Common reasons small businesses lose tenders

The recurring, avoidable reasons SMEs lose public sector tenders — from compliance failures to generic answers — and what to do about each one.

Sam WhiskerPublished 4 min read

Ask evaluators why SME bids fail and the same answers come back again and again. Very few losses are caused by a competitor being genuinely better at the work. Most are caused by one of the avoidable problems below.

1. Failing compliance before evaluation starts

A meaningful share of bids are rejected without their quality answers ever being read: a missing insurance certificate, an unsigned declaration, a form left incomplete, a late submission. This is the most painful way to lose because the effort was total and the cause was administrative.

Fix: treat the tender's compliance checklist as a project in itself. Complete the administrative documents first, not last, and have someone other than the writer verify every required attachment before submission. Keeping a maintained readiness pack removes most of this risk.

2. Bidding for the wrong opportunities

Chasing contracts that were never winnable — too large, outside your evidence base, or held by a strong incumbent — costs more than the lost bid. It consumes the time that should have gone into winnable work, and repeated losses demoralise the team.

Fix: run a genuine bid/no-bid decision on every opportunity. The discipline of walking away is the single biggest improvement most SMEs can make to their win rate.

3. Describing yourself instead of answering the question

Evaluators repeatedly see answers that explain how experienced and dedicated the company is without ever addressing what was asked. A question about mobilisation gets a company history; a question about quality management gets a mission statement. As covered in how tenders are scored, markers can only award marks for content that answers the question.

Fix: structure each answer around the question's own parts. After drafting, reread the question and strike out every sentence that does not help answer it.

4. Claims without evidence

"We pride ourselves on excellent customer service" earns nothing. Evaluation scales reserve top marks for answers with robust evidence: examples, statistics, named processes, qualifications, references.

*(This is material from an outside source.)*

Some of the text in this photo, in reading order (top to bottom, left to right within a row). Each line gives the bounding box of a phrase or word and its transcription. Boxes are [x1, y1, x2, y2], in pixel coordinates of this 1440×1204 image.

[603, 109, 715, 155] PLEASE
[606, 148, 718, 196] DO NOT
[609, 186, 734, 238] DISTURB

Fix: for every claim, attach proof. If you have no proof, either get some or drop the claim. This is why maintained case studies matter more than writing skill.

5. Ignoring weightings and word limits

Spending 800 words on a 5% question and 300 on a 15% question is giving marks away. So is treating a word limit as a target when the honest answer needs half the space — padding dilutes scoring content.

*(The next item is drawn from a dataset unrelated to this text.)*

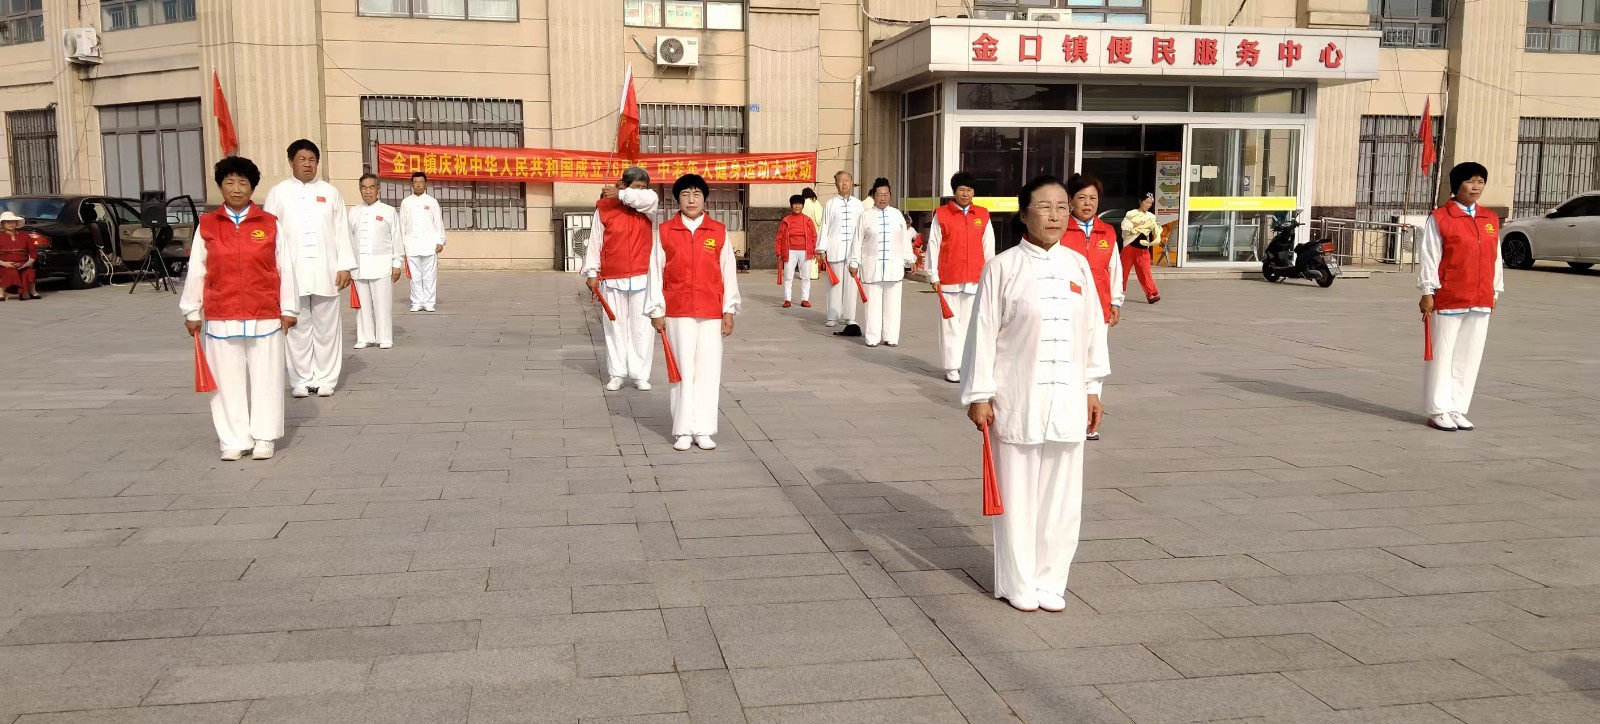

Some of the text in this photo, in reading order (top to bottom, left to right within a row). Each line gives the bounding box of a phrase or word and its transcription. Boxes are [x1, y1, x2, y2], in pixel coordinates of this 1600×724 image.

[971, 32, 1344, 68] 金口镇便民服务中心
[657, 158, 812, 181] 中老年人健身运动大联动

Fix: plan effort by weighting before writing anything. Use word limits for evidence density, not filler.

6. Weak or generic social value

Social value commonly carries 10–20% of the marks, and generic answers score near zero. Local SMEs often have the strongest real story and still lose these marks by writing vaguely.

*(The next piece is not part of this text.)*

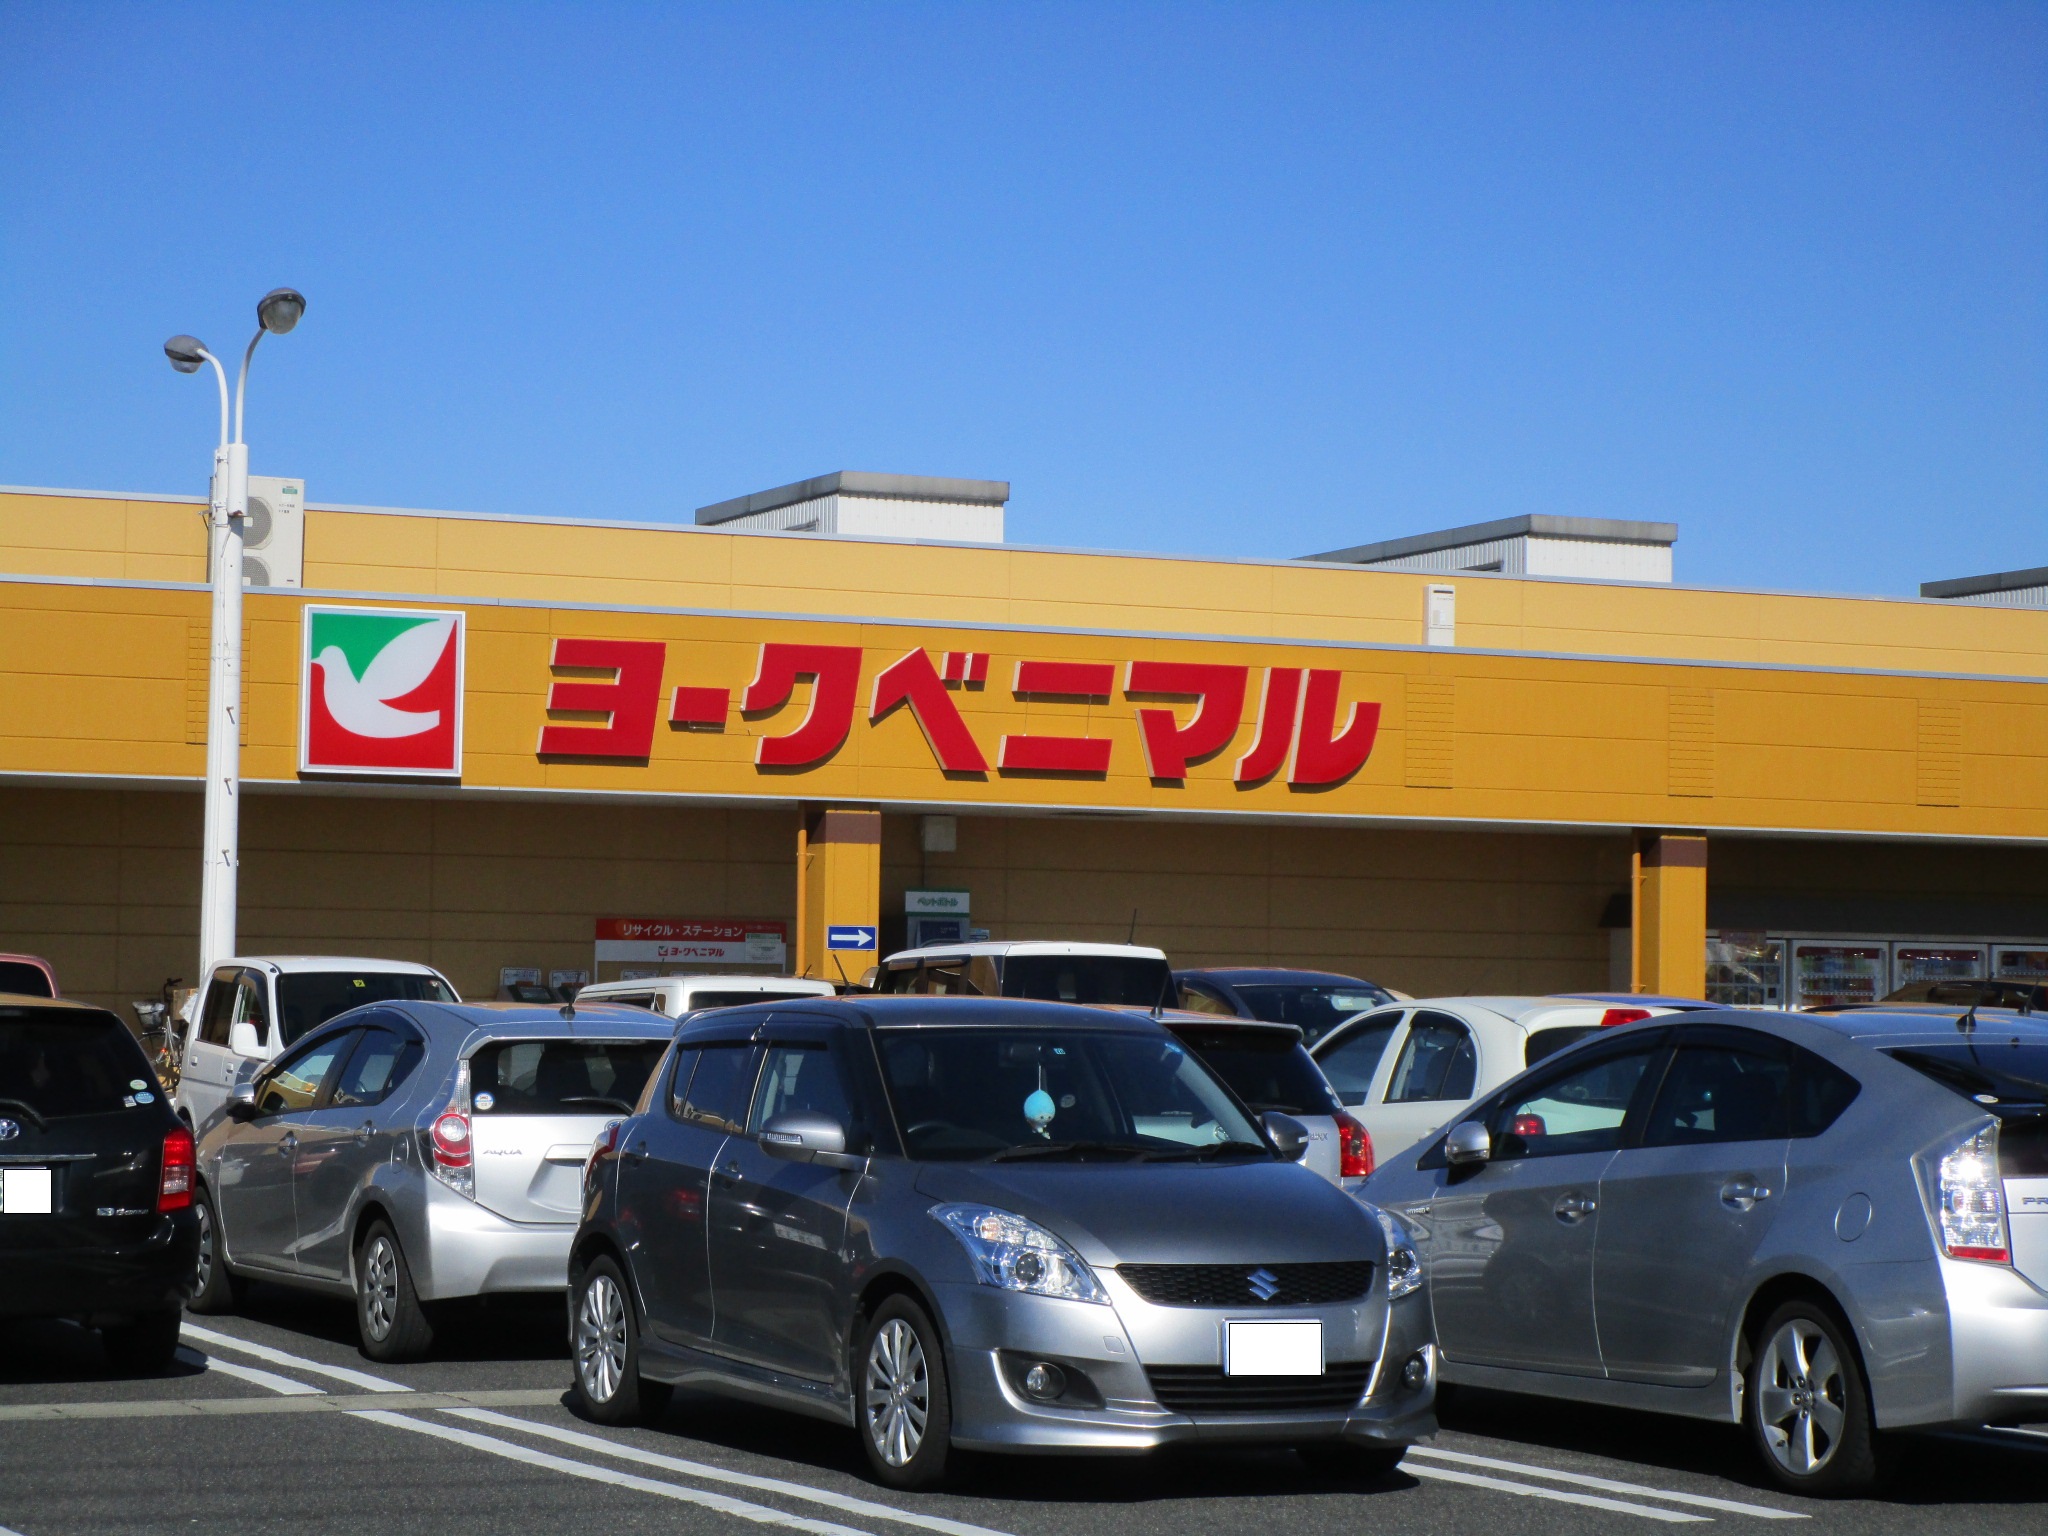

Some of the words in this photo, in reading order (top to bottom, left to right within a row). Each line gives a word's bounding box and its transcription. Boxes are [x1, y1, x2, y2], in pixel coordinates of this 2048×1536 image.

[536, 638, 1382, 784] ヨークベニマル
[623, 923, 743, 937] リサイクル・ステーション
[482, 1148, 523, 1156] AQUA
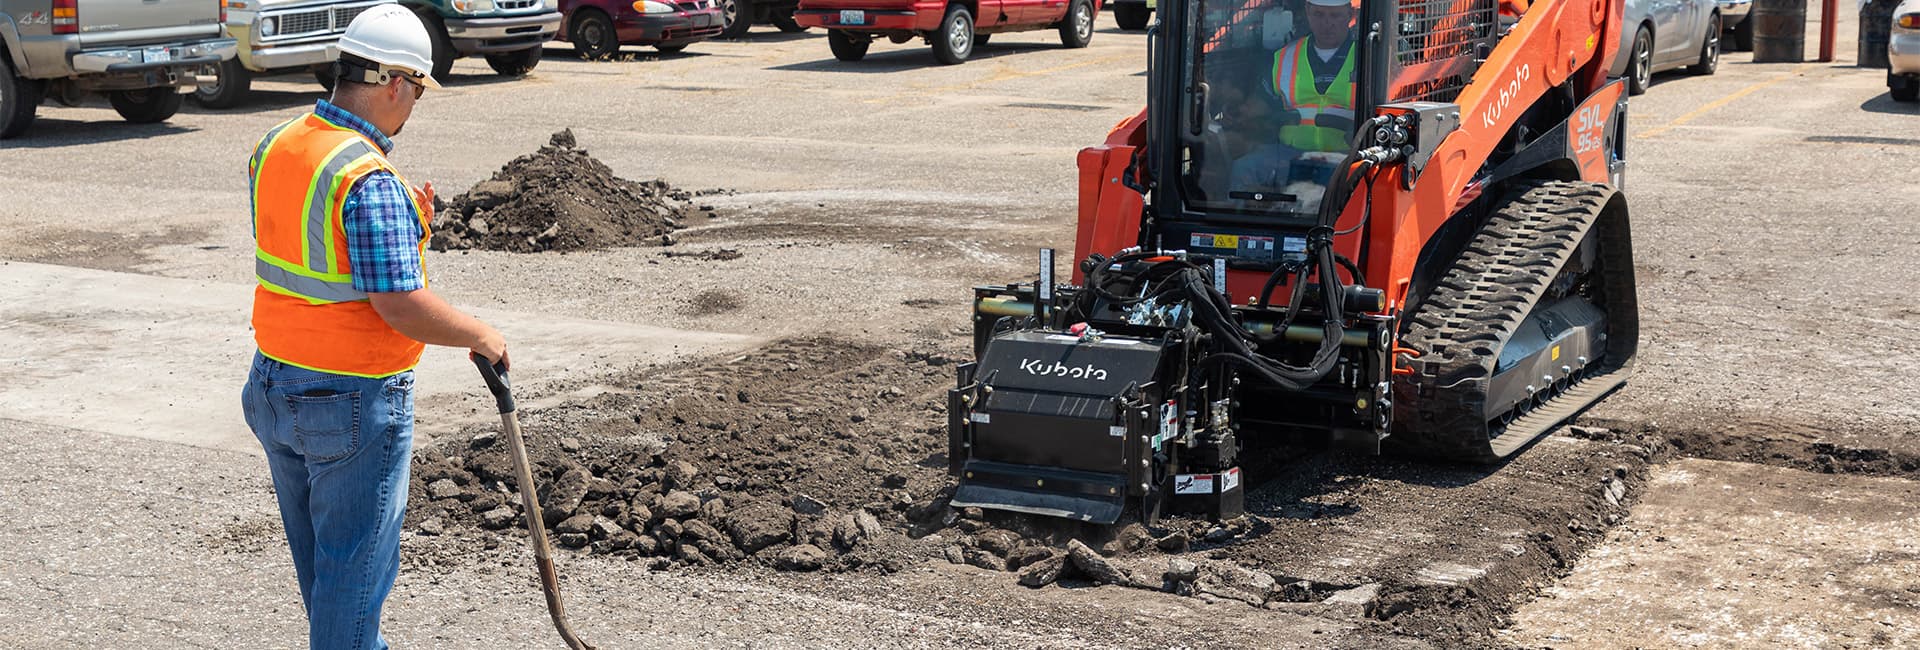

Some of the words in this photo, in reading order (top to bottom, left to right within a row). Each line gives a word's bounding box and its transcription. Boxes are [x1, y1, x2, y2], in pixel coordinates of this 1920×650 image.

Fix: make specific, quantified, contract-connected commitments. See what social value means in a tender.

7. Leaving everything until the deadline

Rushed bids show: unanswered question parts, inconsistencies, missing attachments, no time for review. Public tenders also allow clarification questions early in the process — bidders who start late lose the chance to ask them.

Fix: on day one, extract every question, deadline and required document, and work backwards from the submission date with time reserved for review. This is exactly the structure Bid Sense's Tender Workspace builds automatically from the tender documents.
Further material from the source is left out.